Your assignment: What's needed is an exact copy of all the data below, without pictures.
═════ Study material
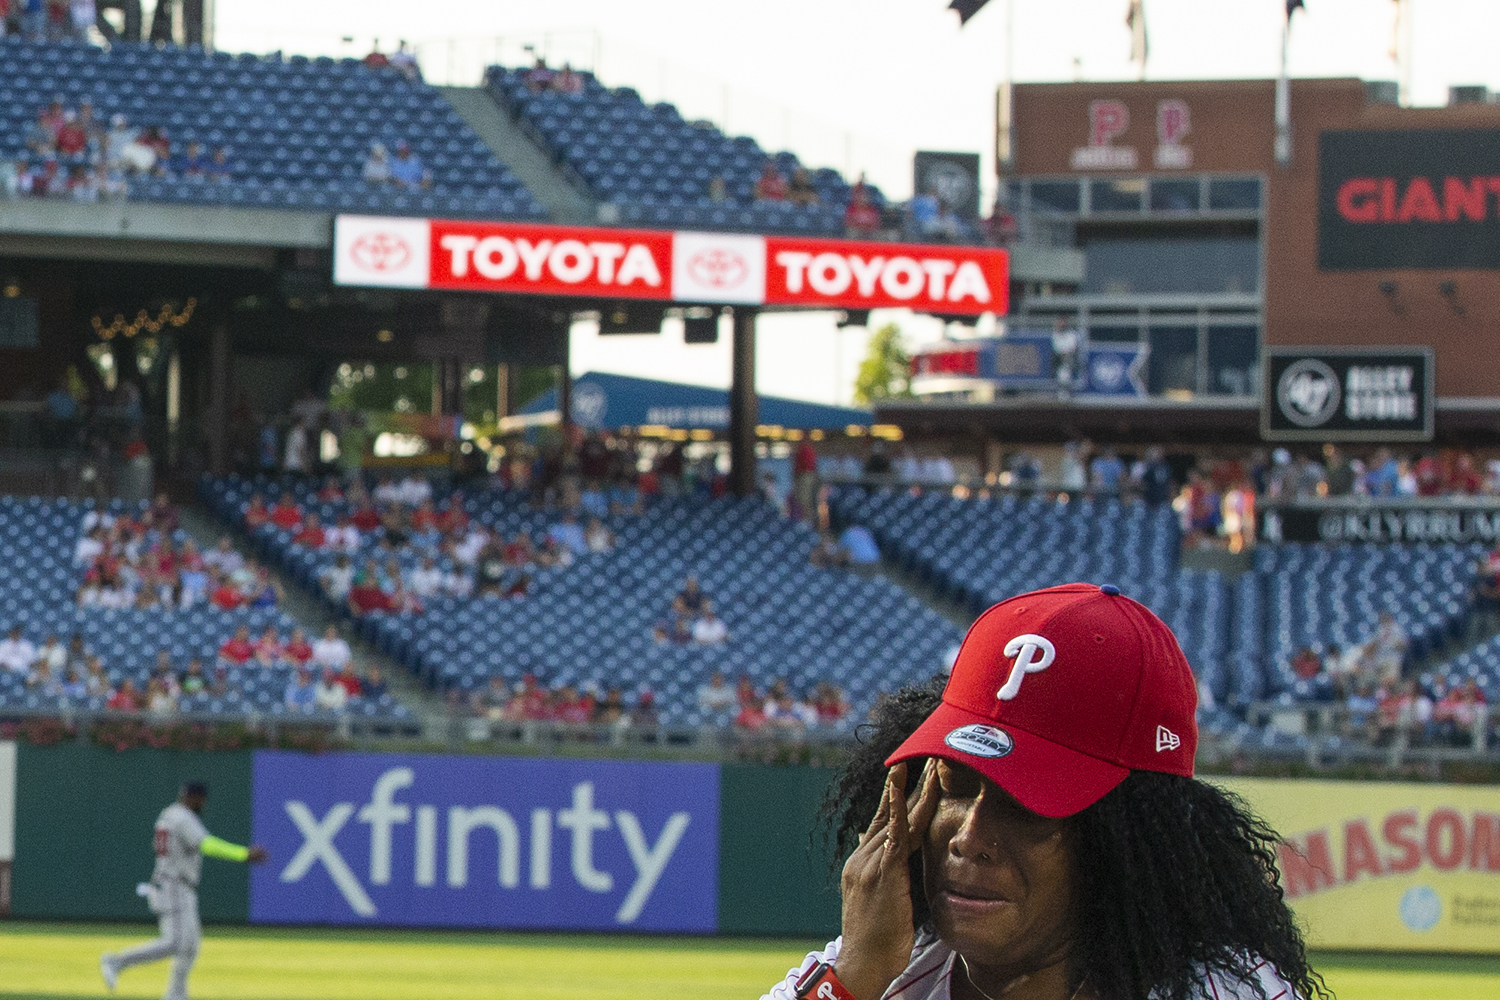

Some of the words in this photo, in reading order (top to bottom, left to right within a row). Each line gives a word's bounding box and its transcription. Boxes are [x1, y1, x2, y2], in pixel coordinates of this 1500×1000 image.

[440, 234, 661, 287] TOYOTA
[777, 251, 991, 303] TOYOTA
[997, 634, 1056, 701] P
[280, 767, 691, 924] xfinity
══════════
Task answer:
Some of the words in this photo, in reading order (top to bottom, left to right within a row). Each line gives a word's bounding box and its transcription. Boxes are [x1, y1, x2, y2], in pixel coordinates of this 1500×1000 image.

[440, 234, 661, 287] TOYOTA
[777, 251, 991, 303] TOYOTA
[997, 634, 1056, 701] P
[280, 767, 691, 924] xfinity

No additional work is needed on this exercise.